If the goal of elite athletes were merely to look good naked, many of them could eat fast food three times a day and still maintain their washboard stomachs by virtue of burning thousands of calories a day through exercise. But elite athletes are trying to achieve something far more difficult than looking good naked—they are trying to win major international competitions. To achieve this goal, they need to be significantly leaner and fitter than they would have to be merely to look lean and fit. Therefore, they cannot afford to have any true laxness in their diet.

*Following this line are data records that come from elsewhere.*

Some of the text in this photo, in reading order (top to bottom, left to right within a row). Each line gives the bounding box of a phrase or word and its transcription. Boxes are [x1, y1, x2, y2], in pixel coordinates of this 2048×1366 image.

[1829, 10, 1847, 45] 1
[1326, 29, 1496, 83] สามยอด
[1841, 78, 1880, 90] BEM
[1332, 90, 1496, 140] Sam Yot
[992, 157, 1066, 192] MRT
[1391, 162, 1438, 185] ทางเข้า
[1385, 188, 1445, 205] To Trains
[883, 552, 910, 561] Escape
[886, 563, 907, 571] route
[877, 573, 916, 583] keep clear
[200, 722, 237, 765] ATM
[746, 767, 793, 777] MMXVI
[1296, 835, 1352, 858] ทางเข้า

A 2009 study involving elite runners drives this point home. Twenty-one top-level Ethiopian milers—ten women and eleven men—were statistically lined up in the order of their best race times. All of these athletes were very fast, but some were marginally faster than others. In a second part of the experiment, the same runners were statistically lined up in the order of their body fat percentage. All of them were very lean, but some were just slightly leaner than others. As it turned out, the two lineups—the speed-based arrangement and the fat-based arrangement—were almost identical. The fastest runner among the twenty-one was also the leanest, the second fastest was the second leanest, and so forth.
These findings make it clear that elite endurance athletes do not have any margin to “get away with” sloppy eating habits. Whatever may appear like sloppiness to some—such as eating lots of carbs—is actually necessary to attain the razor-thin advantages that separate winners from losers at the elite level.

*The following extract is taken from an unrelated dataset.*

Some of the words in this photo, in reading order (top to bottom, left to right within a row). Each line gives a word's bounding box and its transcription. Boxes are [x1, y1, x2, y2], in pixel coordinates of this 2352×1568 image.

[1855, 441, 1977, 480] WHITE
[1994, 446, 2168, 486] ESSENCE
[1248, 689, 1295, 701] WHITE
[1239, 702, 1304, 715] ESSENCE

It is interesting to see what happens when an elite athlete whose diet really is substandard—meaning it does not fully conform to the five habits of the Endurance Diet—brings it up to standard at midcareer. One such case involves the American triathlete Hunter Kemper. Through the first several years of his professional career, Kemper was a somewhat careless eater with a weakness for Krispy Kreme donuts. Despite this weakness, Kemper performed very well, winning three national championship titles between 1998 and 2004 and finishing as high as eighth in the world championships—and he certainly looked lean and fit. But he wanted more.
After a disappointing ninth-place finish at the 2004 Olympics in Athens, Kemper decided to make some changes. He consulted with a sports nutritionist and subsequently improved his diet quality by eating more vegetables and unprocessed meats and fewer donuts and other sweets. He lost a couple pounds of hidden body fat and finished the 2005 season as the ITU World Cup champion and the number-one ranked triathlete in the world.
Recreational endurance athletes with far less talent and significantly milder training schedules than Hunter Kemper achieve similar results when they make similar changes. Take Cassandra, a formerly overweight fifty-something triathlete and network specialist from Spokane, Washington. Cassandra used my Diet Quality Score tool (which I’ll describe in Chapter 4) to improve her diet and subsequently lost 110 pounds without making any other changes to her eating or exercise habits. “It was pretty easy to drop the weight without ‘dieting’ or adversely affecting my triathlon training,” she told me via Facebook.
As you see, the eating habits that work best for athletes at one end of the talent and training spectrum really do work just as well for athletes and exercisers at the opposite end. It’s a simple fact: if you want to become as healthy and fit as you can be given the amount of time you’re able to invest in your training, you need to eat like an elite.